Integrating Computational Methods, Molecular Docking, and Molecular Dynamics Simulation Approaches Towards Personalized Medicine in Hematological Disorders

Recent advances and cost reduction in high-throughput genotyping, microarray technology, and next generation sequencing have generated a tremendous amount of human genetic variation data, determining the effects of amino acid substitution will be the next challenge in mutation research. There has been much effort in current epidemiology, medicine, phamarcogenomics studies and personalized medicine in identifying the genetic variations. Among the types of variation, such as Single-nucleotide polymorphisms (SNPs), indels, microsatellites, copy number variants, and epigenetic markers, SNPs were found to be useful and widely applied markers in genetic studies. This flood of data has lead to the creation of bioinformatic databases and software’s which are helpful in discriminating the disease associated variants from neutral ones.

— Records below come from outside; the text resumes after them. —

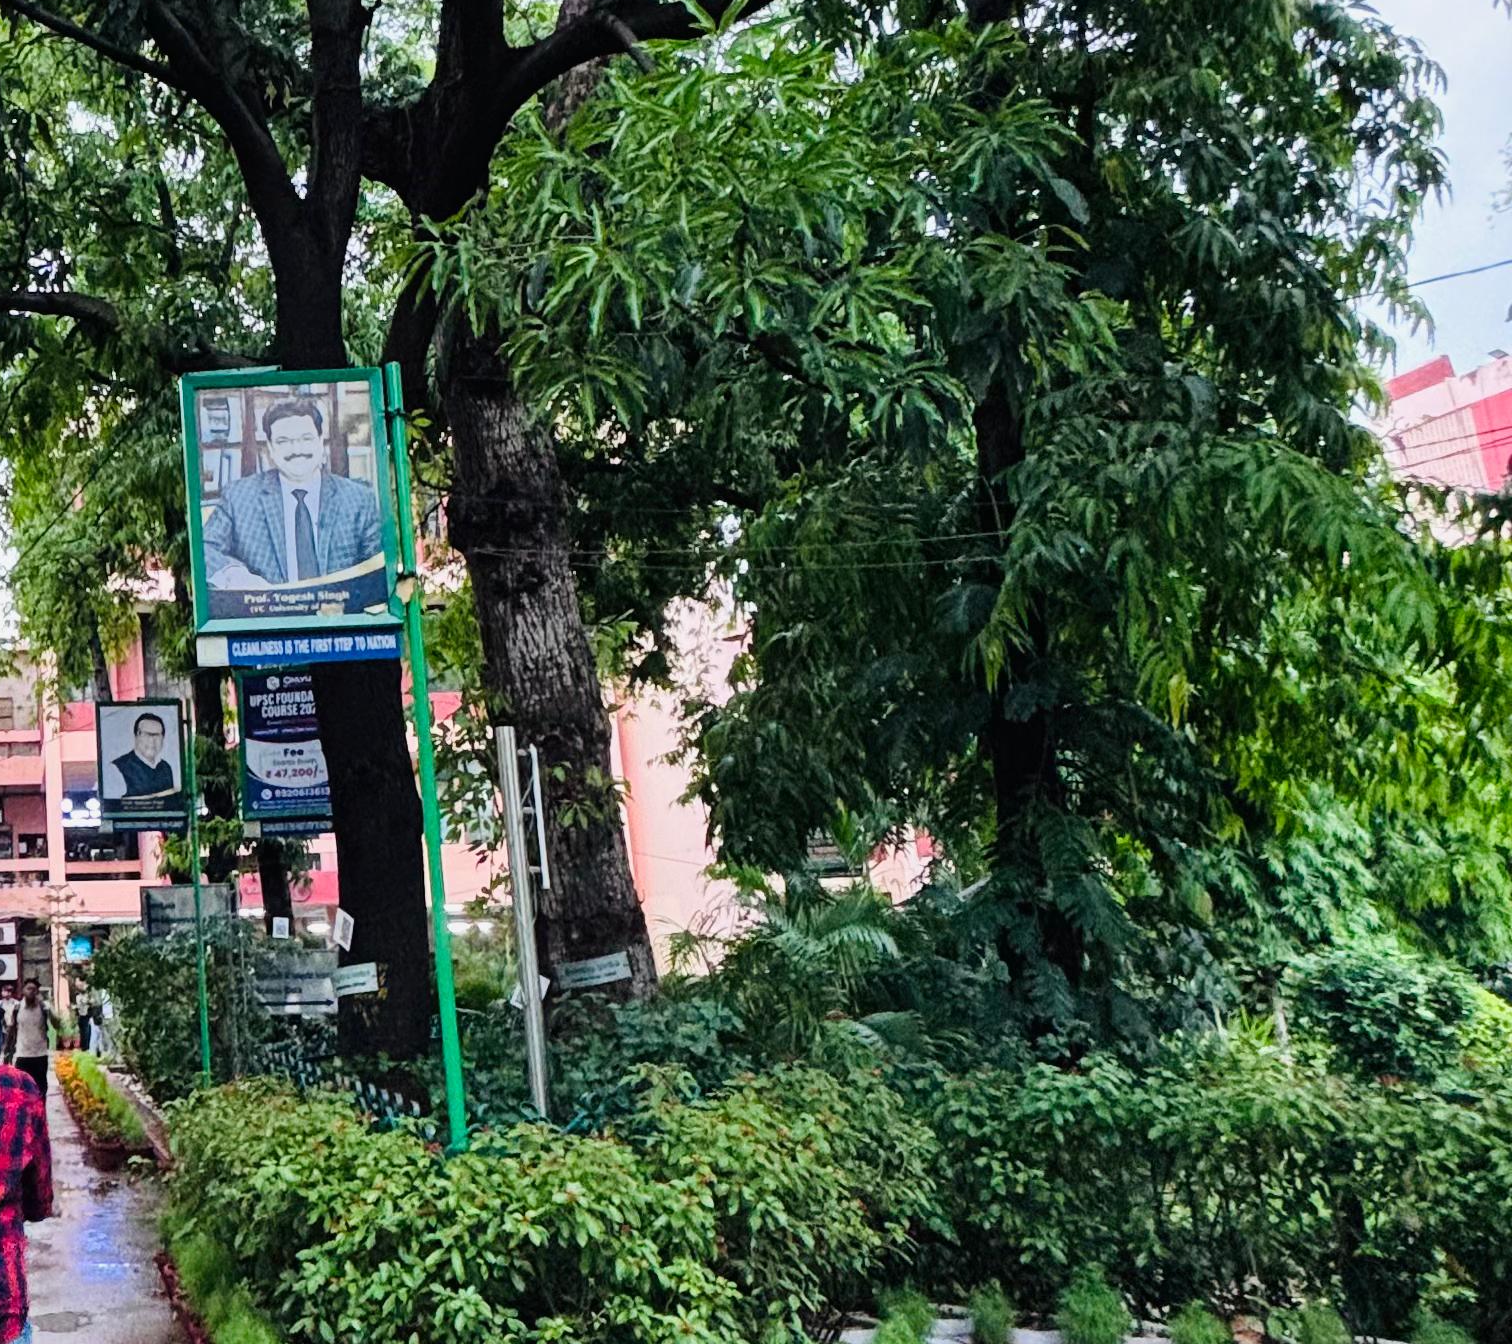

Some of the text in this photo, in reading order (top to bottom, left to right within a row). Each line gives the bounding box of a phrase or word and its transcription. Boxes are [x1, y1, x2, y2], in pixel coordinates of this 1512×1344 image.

[244, 589, 350, 605] Prof. Yogesh Singh
[269, 603, 308, 614] University
[232, 634, 397, 657] CLEANLINESS IS THE FIRST STEP TO NATION
[249, 693, 275, 708] UPSC
[261, 703, 299, 719] COURSE
[283, 747, 304, 757] Fee
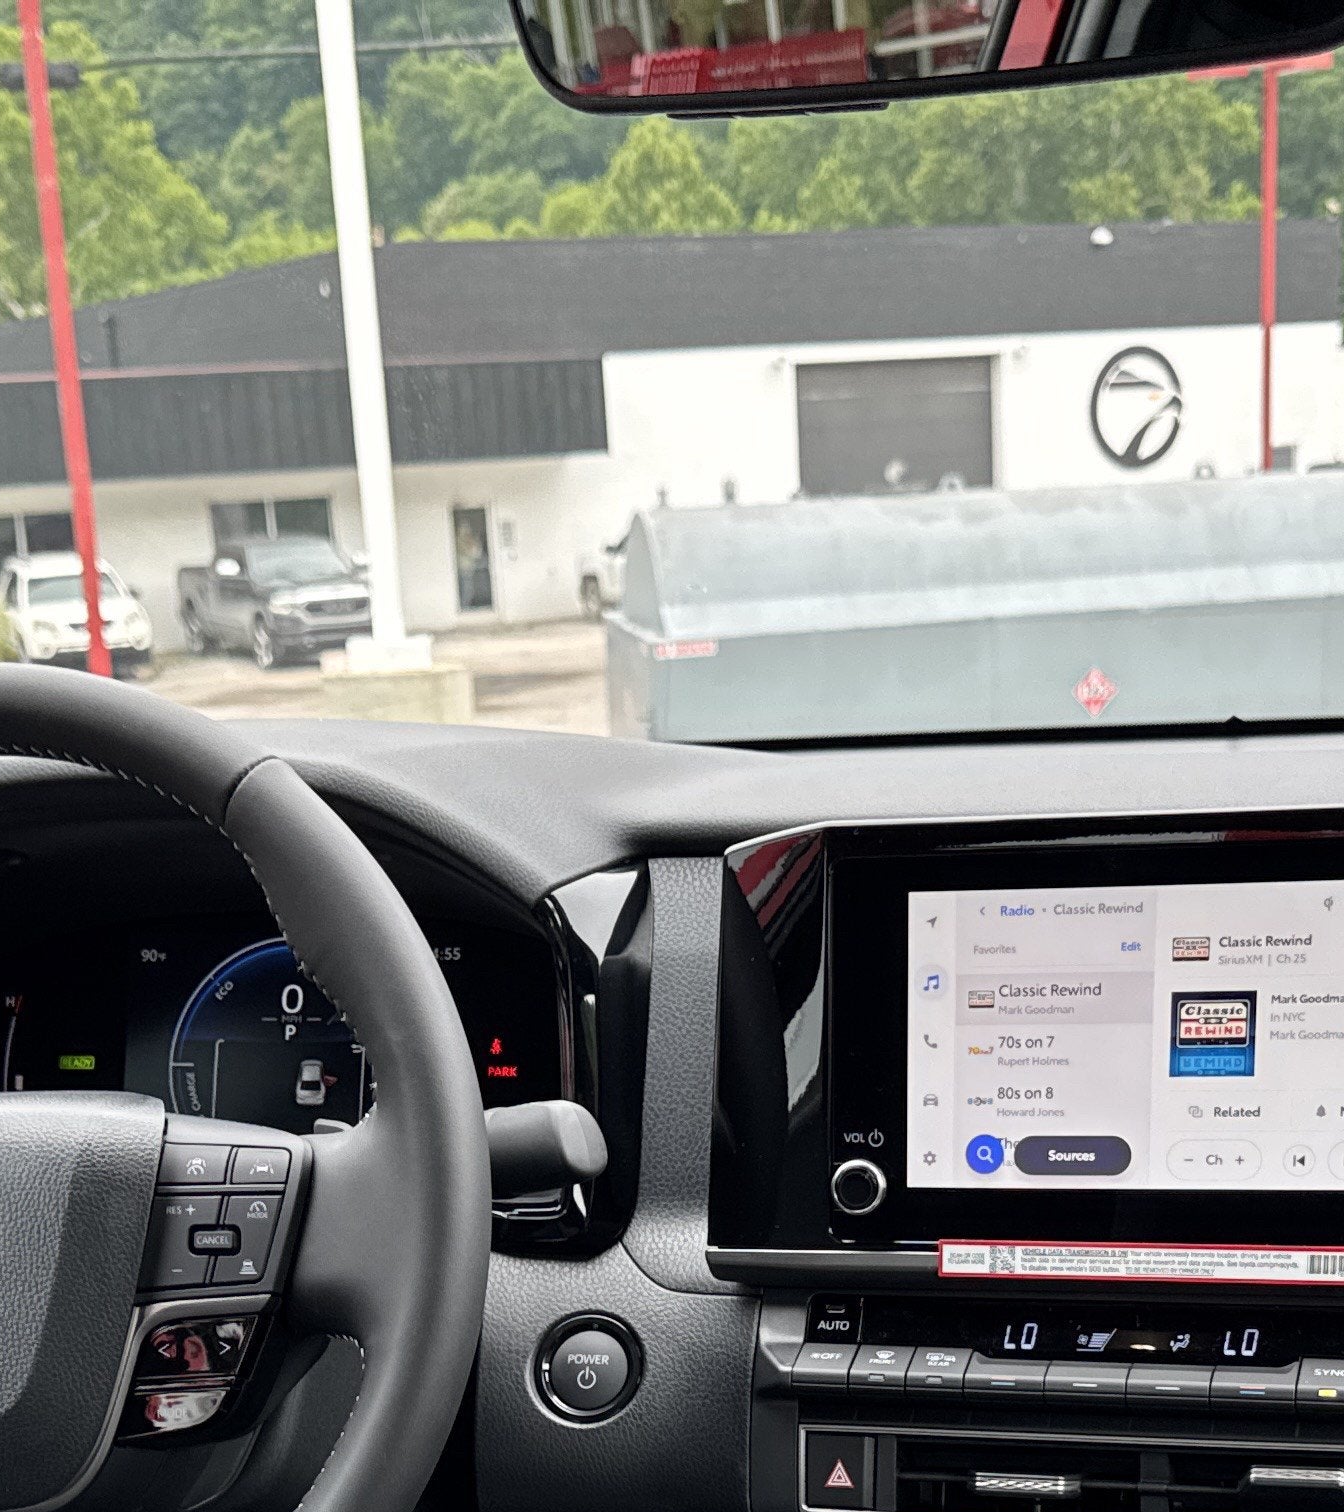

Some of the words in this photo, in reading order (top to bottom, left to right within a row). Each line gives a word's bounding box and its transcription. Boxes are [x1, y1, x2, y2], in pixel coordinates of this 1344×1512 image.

Understanding the genotype–phenotype relationship through SNPs is the first and most important step in drug research and development. Building bridges between clinical findings and bioinformatics’ resources will open new possibilities in diagnostic and therapeutic efforts. Several studies have described the application of computational resources, but this section will address the SNP bioinformatics tools, critical databases and their uses, in personalized medicine will tailor treatments to the patients’ specific genotype. The principle aim is to provide a computational pipeline for hematologists conducting cost effective and time consuming SNP-centered research by the application of computational methods, molecular docking, and molecular dynamics simulation approaches in ABL1 gene. This section addresses the powerful and practical applications of bioinformatics in hematological disorders.

Keywords: ABL1, In silico tools, Molecular dynamics, Molecular Docking.